Proper pruning of the apricot implies annual growth control, starting from the moment of planting. A tree grows branches so fast that one pruning per season may not be enough. If you see that the apricot grows too rapidly and thickens, in addition to spring pruning, also spend the autumn. Also, autumn pruning is a way out for those who rarely come to the country and in the early spring is not visited there.

Why prune apricot in the fall

Autumn pruning of trees is usually intended to stimulate fruiting, but with apricot everything is different. Unlike apple or pear trees, it is not able to regulate the number of fruits on its own, and in the first few years it produces so abundant crops that it is quickly depleted and dying. Therefore, the task of zealous gardener is to adjust the ratio of fruit and deciduous branches. By pruning the fruit branches, we reduce the harvest, which we will receive in the next season, however, we increase the years of life and fruiting of the tree.
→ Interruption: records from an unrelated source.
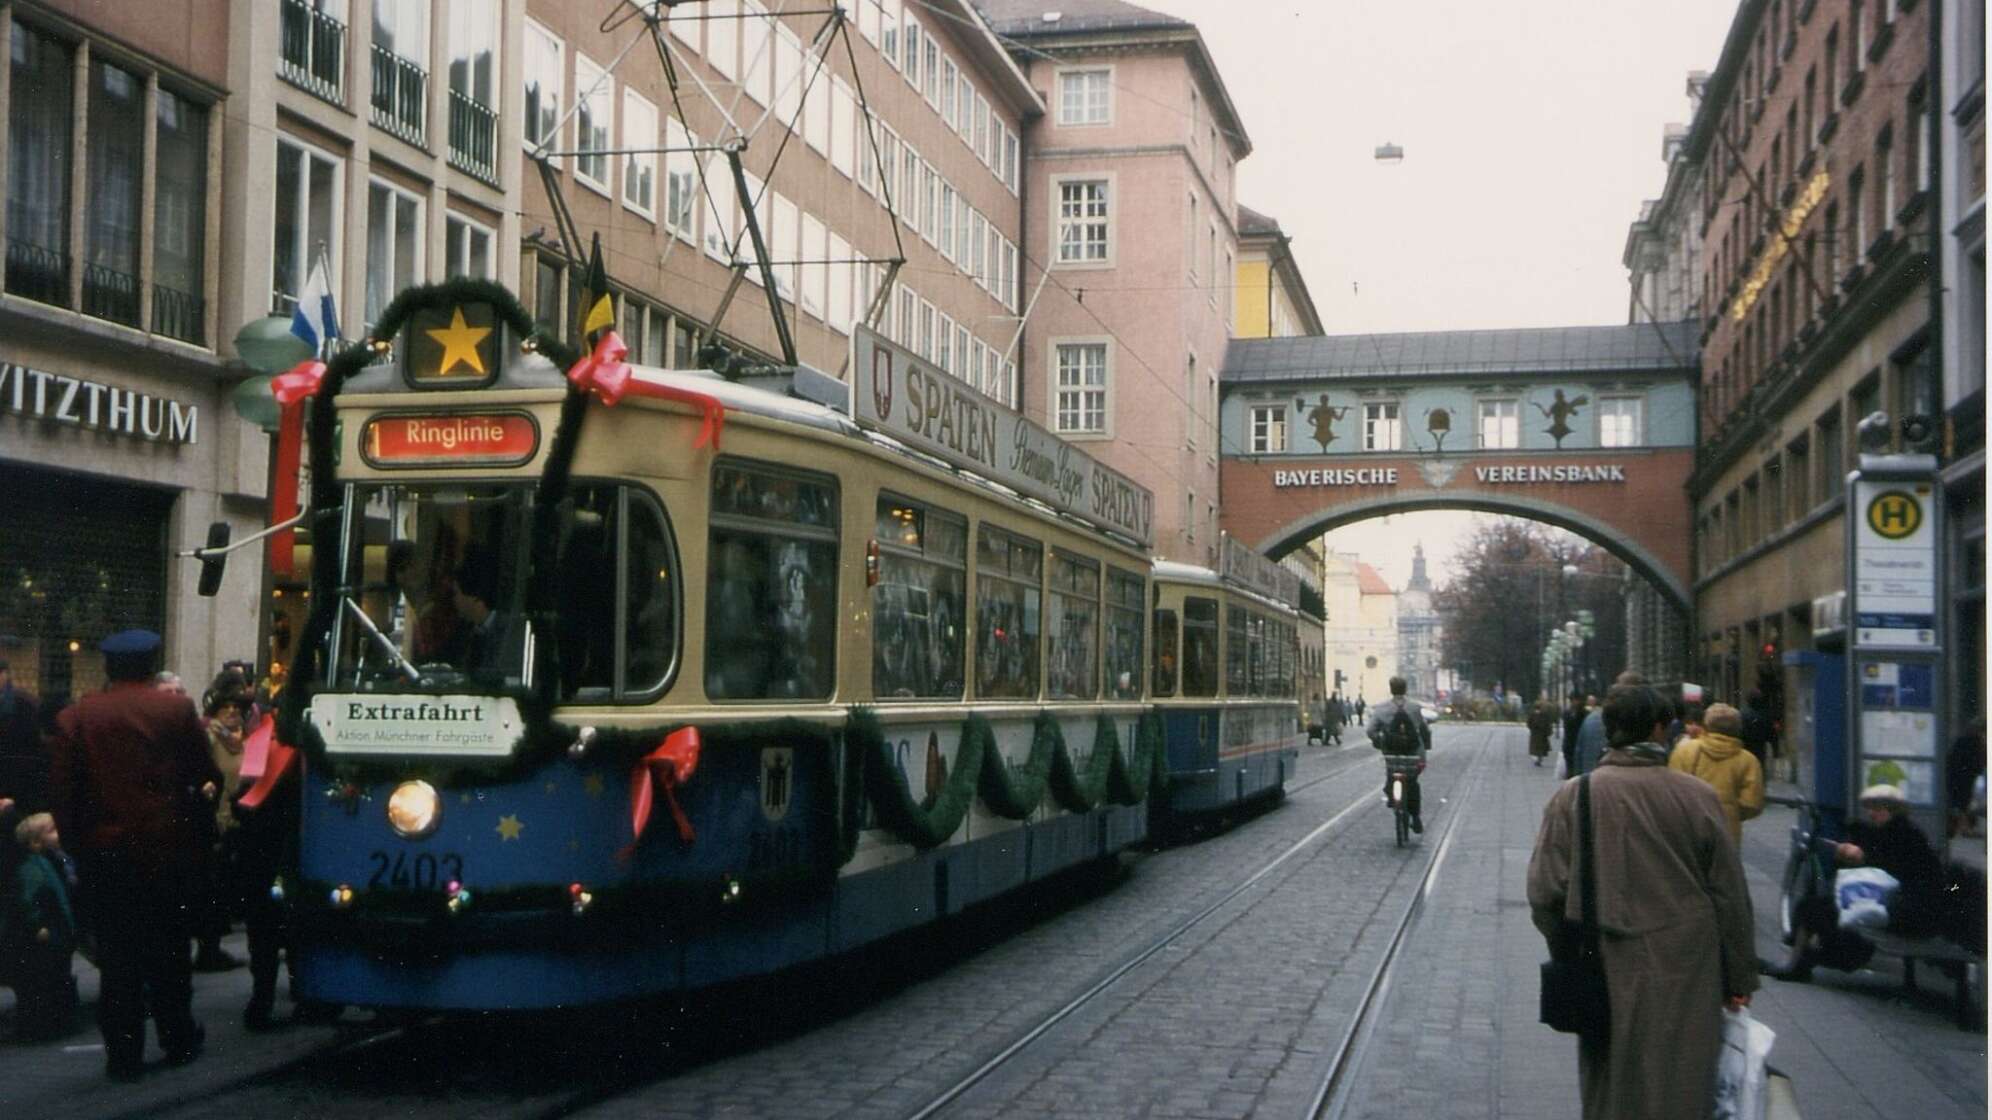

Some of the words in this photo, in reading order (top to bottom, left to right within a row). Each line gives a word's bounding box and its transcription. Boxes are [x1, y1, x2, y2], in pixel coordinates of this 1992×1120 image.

[906, 364, 997, 467] SPATEN
[407, 420, 504, 448] Ringlinie
[1274, 469, 1398, 487] BAYERISCHE
[1475, 465, 1626, 484] VEREINSBANK
[1092, 466, 1141, 530] SPATEN
[1881, 502, 1907, 528] H
[348, 703, 483, 721] Extrafahrt
[337, 731, 370, 743] Aktion
[375, 731, 430, 743] Münchner
[436, 731, 494, 746] Fahrgäste
[369, 850, 463, 889] 2403
In the autumn, only early and mid-early apricot varieties can be cut. If your apricot fruits late, only spring pruning is suitable for it, and removing a part of the branches in the fall will only hurt and weaken the tree.
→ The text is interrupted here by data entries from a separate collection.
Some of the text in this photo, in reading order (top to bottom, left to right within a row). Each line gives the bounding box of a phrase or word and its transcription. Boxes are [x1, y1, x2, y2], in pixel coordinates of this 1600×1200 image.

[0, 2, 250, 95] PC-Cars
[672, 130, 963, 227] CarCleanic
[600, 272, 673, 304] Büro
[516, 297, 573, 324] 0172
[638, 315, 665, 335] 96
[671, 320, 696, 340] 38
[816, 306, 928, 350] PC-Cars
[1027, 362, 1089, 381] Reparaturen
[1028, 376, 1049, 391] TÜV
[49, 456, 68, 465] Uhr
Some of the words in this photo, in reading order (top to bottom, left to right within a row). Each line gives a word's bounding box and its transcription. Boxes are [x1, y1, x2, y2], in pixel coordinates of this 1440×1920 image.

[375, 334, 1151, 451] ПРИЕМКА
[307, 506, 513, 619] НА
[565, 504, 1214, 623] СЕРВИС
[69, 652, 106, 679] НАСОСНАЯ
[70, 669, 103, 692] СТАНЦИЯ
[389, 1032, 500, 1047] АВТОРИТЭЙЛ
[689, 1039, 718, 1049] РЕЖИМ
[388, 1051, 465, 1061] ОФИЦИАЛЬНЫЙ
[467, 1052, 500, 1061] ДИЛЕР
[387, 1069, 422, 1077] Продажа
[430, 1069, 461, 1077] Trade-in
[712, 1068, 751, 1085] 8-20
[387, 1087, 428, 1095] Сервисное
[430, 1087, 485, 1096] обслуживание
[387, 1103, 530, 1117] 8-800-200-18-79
How to prune an apricot in the fall

In the middle lane, apricot pruning is in the middle of October. If you live in a region where the climate is different, choose a period when sap flow has already slowed down, but there are still 2-3 weeks left before the first frost.

Scheme pruning apricots of different ages in the fall

To work prepare:

  • sharp hacksaw,
  • pruner,
  • sharp knife
  • step ladder
  • garden pitch

Cut the apricot in one day, do not stretch it over time and always immediately treat the wounds applied to the tree.

Autumn pruning apricot in the 1st year of life

Apricot, just brought and planted on the plot, as a rule, looks like a thin, short stick, but he also needs pruning. Regardless of whether you planted it in spring or autumn, it should be carried out immediately, shortening the trunk by 10-15 cm, and thereby stimulating the growth of the lateral branches.

If you have not done this when planting, be sure to shorten the trunk for the next year in the fall, otherwise the side branches will be weak and the first harvest will be delayed for several years.

Correct shortening of the trunk or branch

Cut apricots need to be careful not to damage the kidneys, at an angle of 45 degrees to the nearest kidney on top. Be sure to cut with a sharp tool so as not to shred the bark and wood once again.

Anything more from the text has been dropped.